**What is required:** Repeat the records below verbatim, and do not copy their pictures.

**Records shown:**
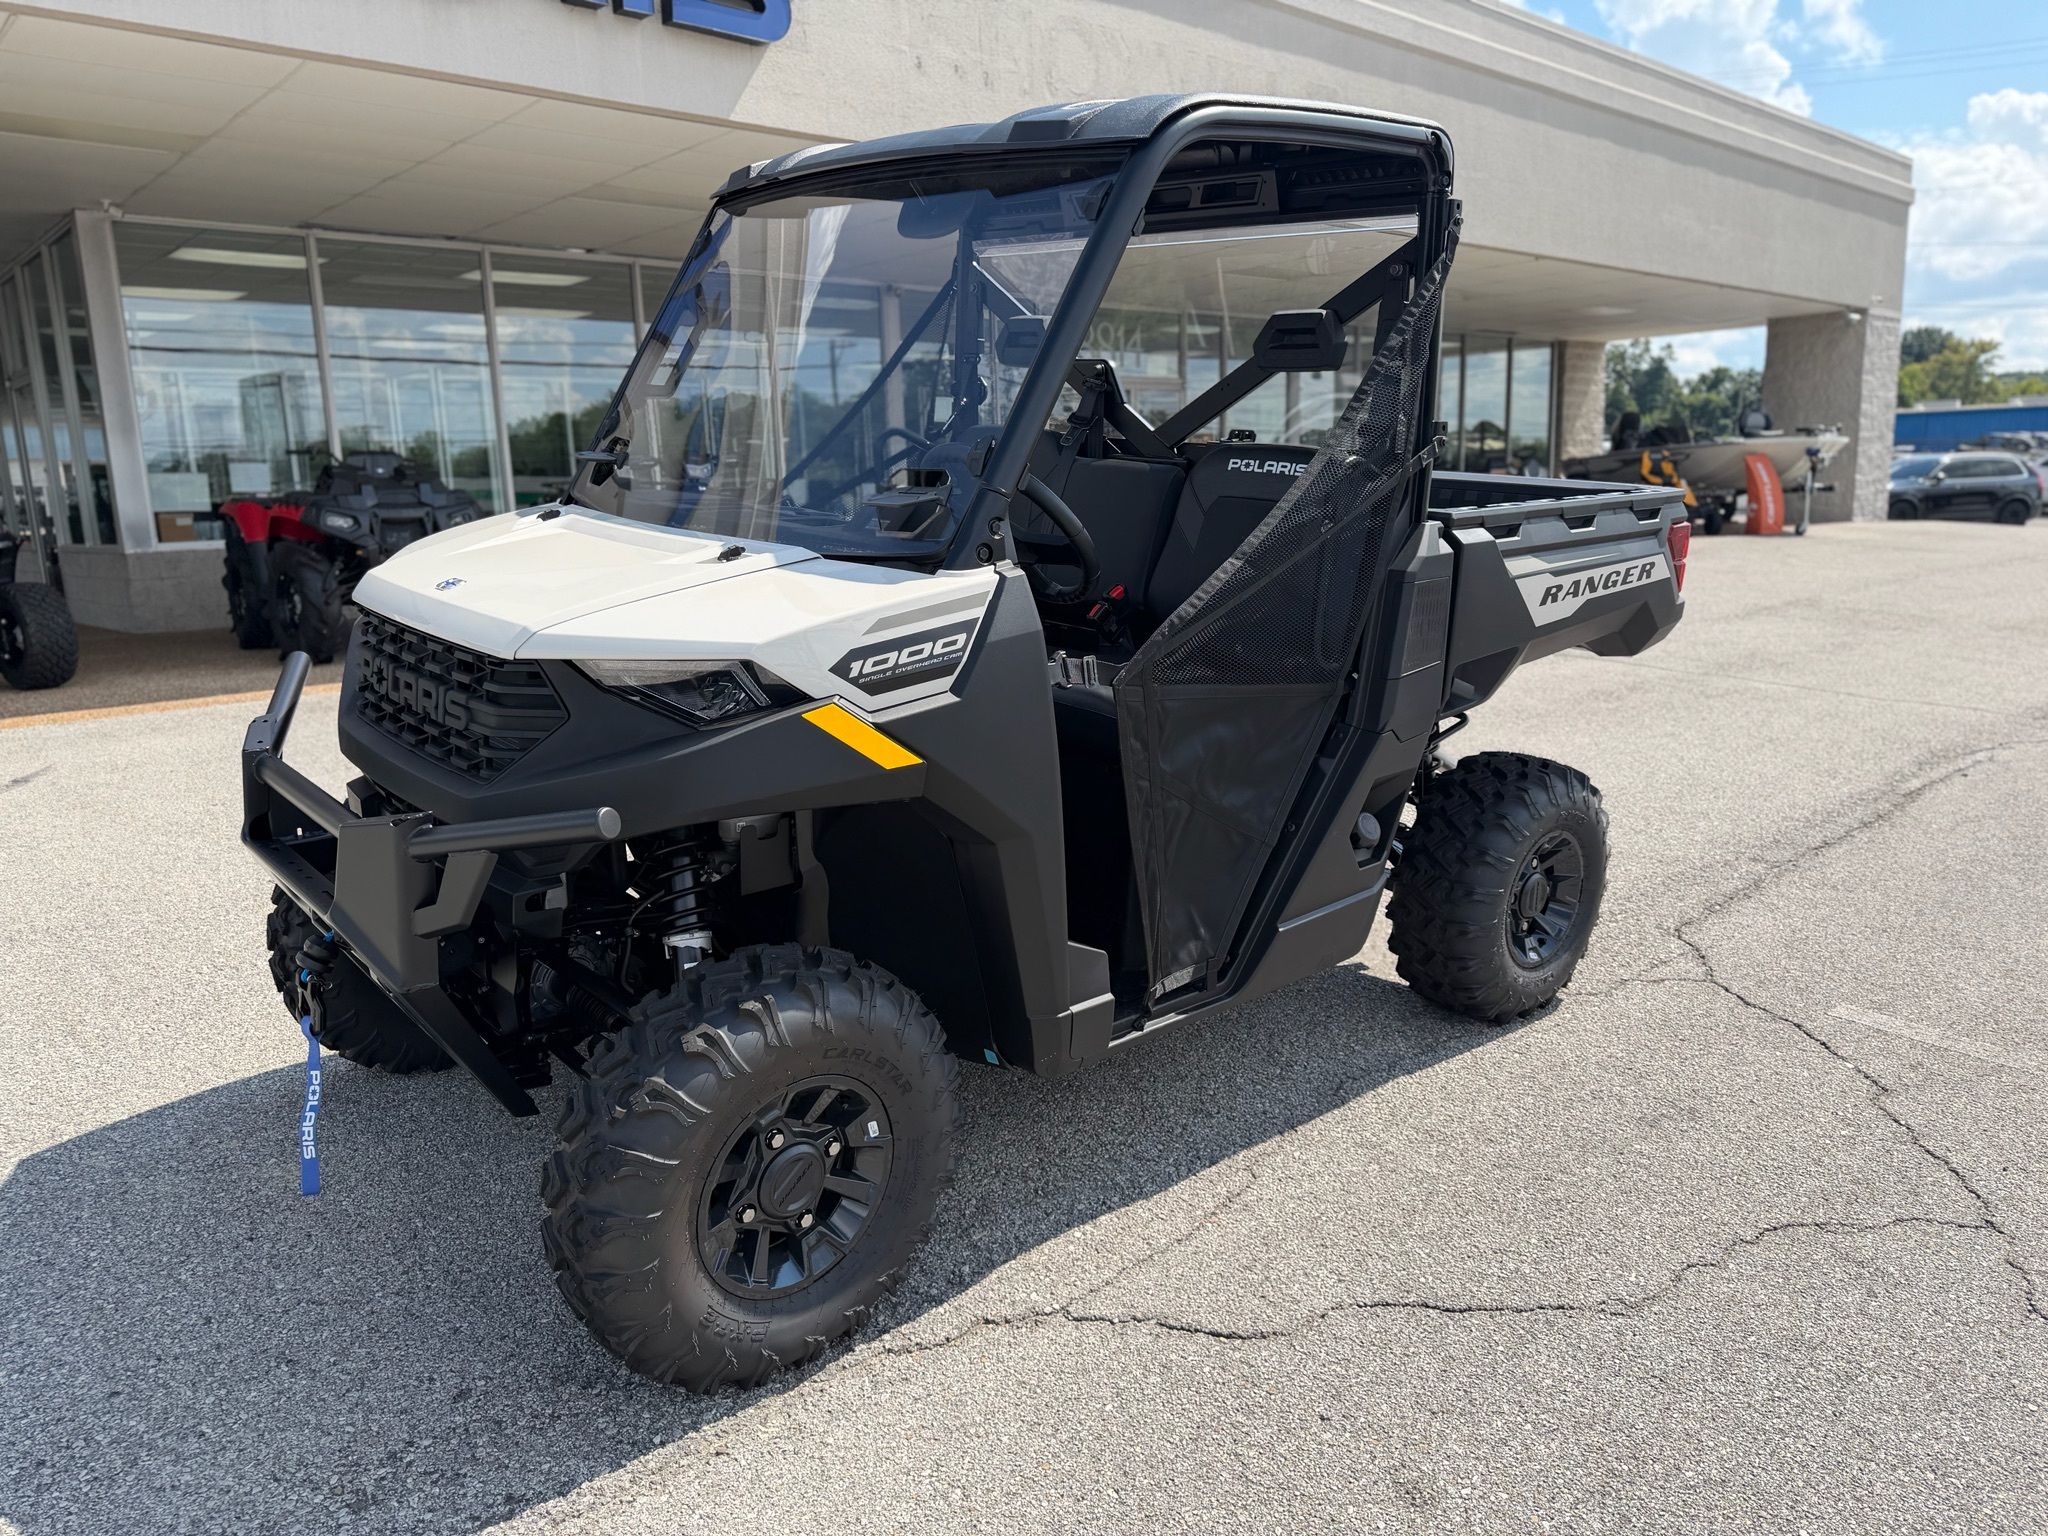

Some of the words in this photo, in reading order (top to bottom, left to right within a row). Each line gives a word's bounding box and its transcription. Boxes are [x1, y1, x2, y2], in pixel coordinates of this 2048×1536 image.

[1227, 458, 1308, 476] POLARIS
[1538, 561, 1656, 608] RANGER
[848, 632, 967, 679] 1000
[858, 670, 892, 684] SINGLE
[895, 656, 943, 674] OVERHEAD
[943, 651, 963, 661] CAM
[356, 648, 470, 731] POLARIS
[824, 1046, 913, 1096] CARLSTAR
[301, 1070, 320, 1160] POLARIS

**Result of this task:**
Some of the words in this photo, in reading order (top to bottom, left to right within a row). Each line gives a word's bounding box and its transcription. Boxes are [x1, y1, x2, y2], in pixel coordinates of this 2048×1536 image.

[1227, 458, 1308, 476] POLARIS
[1538, 561, 1656, 608] RANGER
[848, 632, 967, 679] 1000
[858, 670, 892, 684] SINGLE
[895, 656, 943, 674] OVERHEAD
[943, 651, 963, 661] CAM
[356, 648, 470, 731] POLARIS
[824, 1046, 913, 1096] CARLSTAR
[301, 1070, 320, 1160] POLARIS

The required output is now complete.